XIe Sommet de la Francophonie
Plus d’Europe, moins d’Afrique : le nouveau visage de la Francophonie
DR
De notre envoyée spéciale à Bucarest
Si le berceau de la Francophonie est en Afrique, son avenir est-il en Europe ? Une chose est sûre, ce sont les pays européens qui ont formé le gros bataillon des nouveaux adhérents durant les quinze dernières années. Sur 21 Etats qui ont fait leur entrée dans la Francophonie, 16 sont européens. Cela veut-il dire pour autant que les pays africains ont quelque chose à craindre de cette nouvelle configuration ? A voir.
Si l’on en croit Cristian Preda, l’une des principales ambitions francophones de la Roumanie, qui organise le XIe Sommet, est au contraire de raviver les liens de coopération avec l’Afrique. Le secrétaire d’Etat à la Francophonie chargé de l’organisation du Sommet de Bucarest l’a affirmé à plusieurs reprises.

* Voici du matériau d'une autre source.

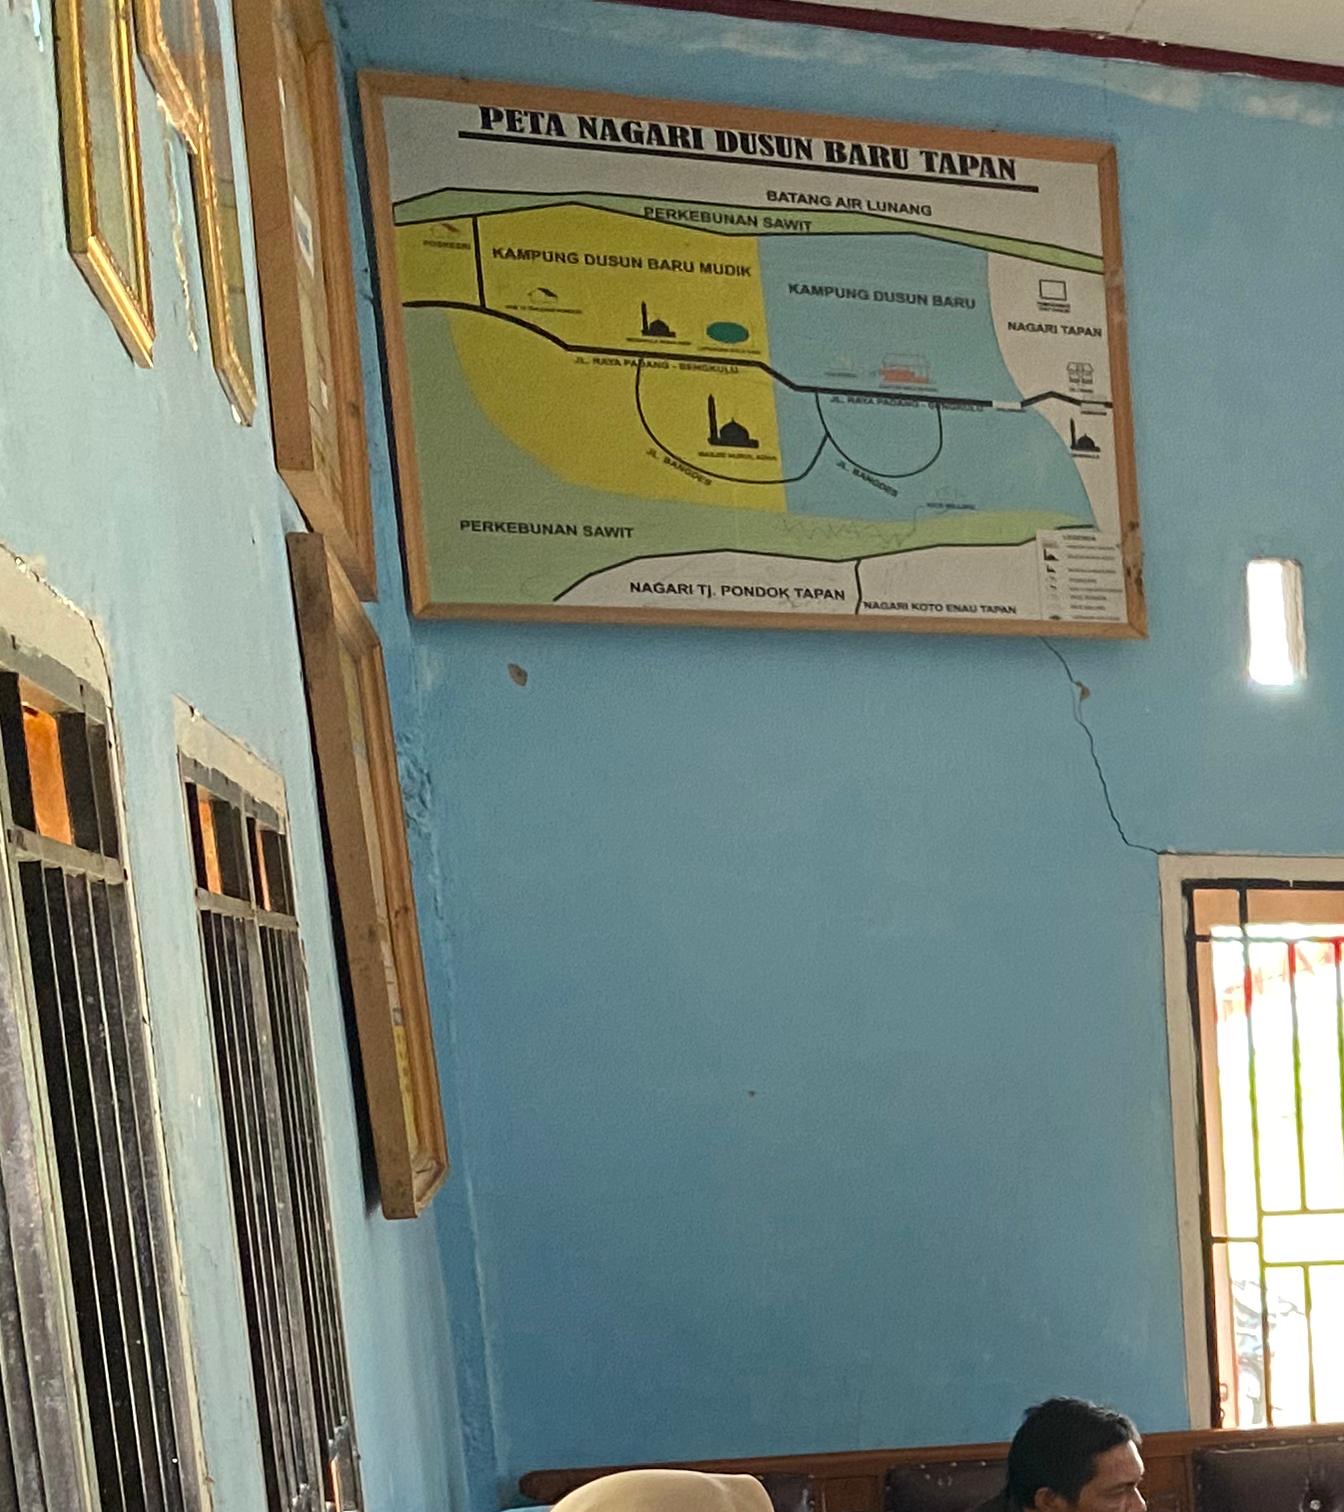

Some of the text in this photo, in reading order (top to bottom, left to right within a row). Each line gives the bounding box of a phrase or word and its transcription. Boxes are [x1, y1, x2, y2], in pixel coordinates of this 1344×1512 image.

[478, 105, 1017, 181] PETA NAGARI DUSUN BARU TAPAN
[766, 190, 933, 217] BATANG AIR LUNANG
[643, 206, 813, 232] PERKEBUNAN SAWIT
[491, 247, 752, 277] KAMPUNG DUSUN BARU MUDIK
[787, 282, 976, 310] KAMPUNG DUSUN BARU
[1007, 321, 1103, 338] NAGARI TAPAN
[592, 357, 622, 367] RAYA
[623, 358, 670, 370] PADANG
[679, 363, 740, 374] BENGKULU
[663, 456, 713, 486] BANGDES
[852, 468, 899, 497] BANGDES
[459, 519, 635, 539] PERKEBUNAN SAWIT
[629, 581, 693, 596] NAGARI
[720, 585, 791, 600] PONDOK
[793, 587, 846, 601] TAPAN
[862, 601, 1018, 615] NAGARI KOTO ENAU TAPAN

Le lancement d’un programme de bourses universitaires devrait d’ailleurs être annoncé durant la conférence et confirmer cette volonté de «solidarité avec l’Afrique».

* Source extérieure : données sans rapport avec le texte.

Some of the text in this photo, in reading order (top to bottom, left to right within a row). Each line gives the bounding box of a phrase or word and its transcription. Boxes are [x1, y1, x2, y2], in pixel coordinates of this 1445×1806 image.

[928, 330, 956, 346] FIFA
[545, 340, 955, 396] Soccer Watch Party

«Nous avons tous à y gagner»
Il n’y aurait donc pas de concurrence continentale au sein de la Francophonie et pas de difficulté à appartenir à plusieurs organisations régionales ou internationales. Il est normal que les Africains fassent partie de l’Union africaine, et les Européens de l’Union européenne. Bonaventure Mvé-Ondo, le vice-recteur de l’Agence universitaire de la Francophonie (AUF), explique même que la multiplication des engagements ne représente pas un handicap, au contraire. Ce Gabonais, universitaire et intellectuel avant tout, mais qui connaît parfaitement les rouages politiques de la Francophonie, affirme : «Nous avons tous à y gagner».

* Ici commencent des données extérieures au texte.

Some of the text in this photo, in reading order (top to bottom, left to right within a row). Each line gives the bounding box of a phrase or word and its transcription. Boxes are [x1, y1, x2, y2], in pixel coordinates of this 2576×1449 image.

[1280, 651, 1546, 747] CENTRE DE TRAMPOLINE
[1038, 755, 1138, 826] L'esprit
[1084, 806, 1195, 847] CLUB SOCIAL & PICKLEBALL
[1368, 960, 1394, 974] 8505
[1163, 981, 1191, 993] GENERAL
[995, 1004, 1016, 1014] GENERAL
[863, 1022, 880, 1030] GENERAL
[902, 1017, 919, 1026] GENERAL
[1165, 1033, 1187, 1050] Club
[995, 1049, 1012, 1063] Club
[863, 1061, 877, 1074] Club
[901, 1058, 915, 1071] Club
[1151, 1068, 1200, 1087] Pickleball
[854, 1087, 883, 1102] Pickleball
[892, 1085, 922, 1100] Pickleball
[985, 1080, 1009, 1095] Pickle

La représentation importante des Etats qui ont adhéré à la Francophonie dans l’Union européenne pourrait ainsi jouer en faveur de l’Afrique. Bonaventure Mvé-Ondo y voit une chance d’éviter que «le modèle culturel anglo-saxon» qui voit «la vie comme un capital» ne prenne irrémédiablement le dessus, en Europe, sur «le modèle latin» dans lequel «la vie est quelque chose qui peut être joué». Une manière de dire que la présence, à partir de janvier 2007, de 14 pays francophones au sein de l’UE est notamment susceptible d’amener à certaines prises de conscience et à éviter des «peurs». Par exemple, sur le problème de la gestion de l’immigration. Bonaventure Mvé-Ondo espère que ces nouveaux Européens francophones plaideront en faveur de la nécessité d’aider l’Afrique à se développer car «avec une Afrique misérable, quelles que soient les barrières, les gens se battront toujours pour les franchir».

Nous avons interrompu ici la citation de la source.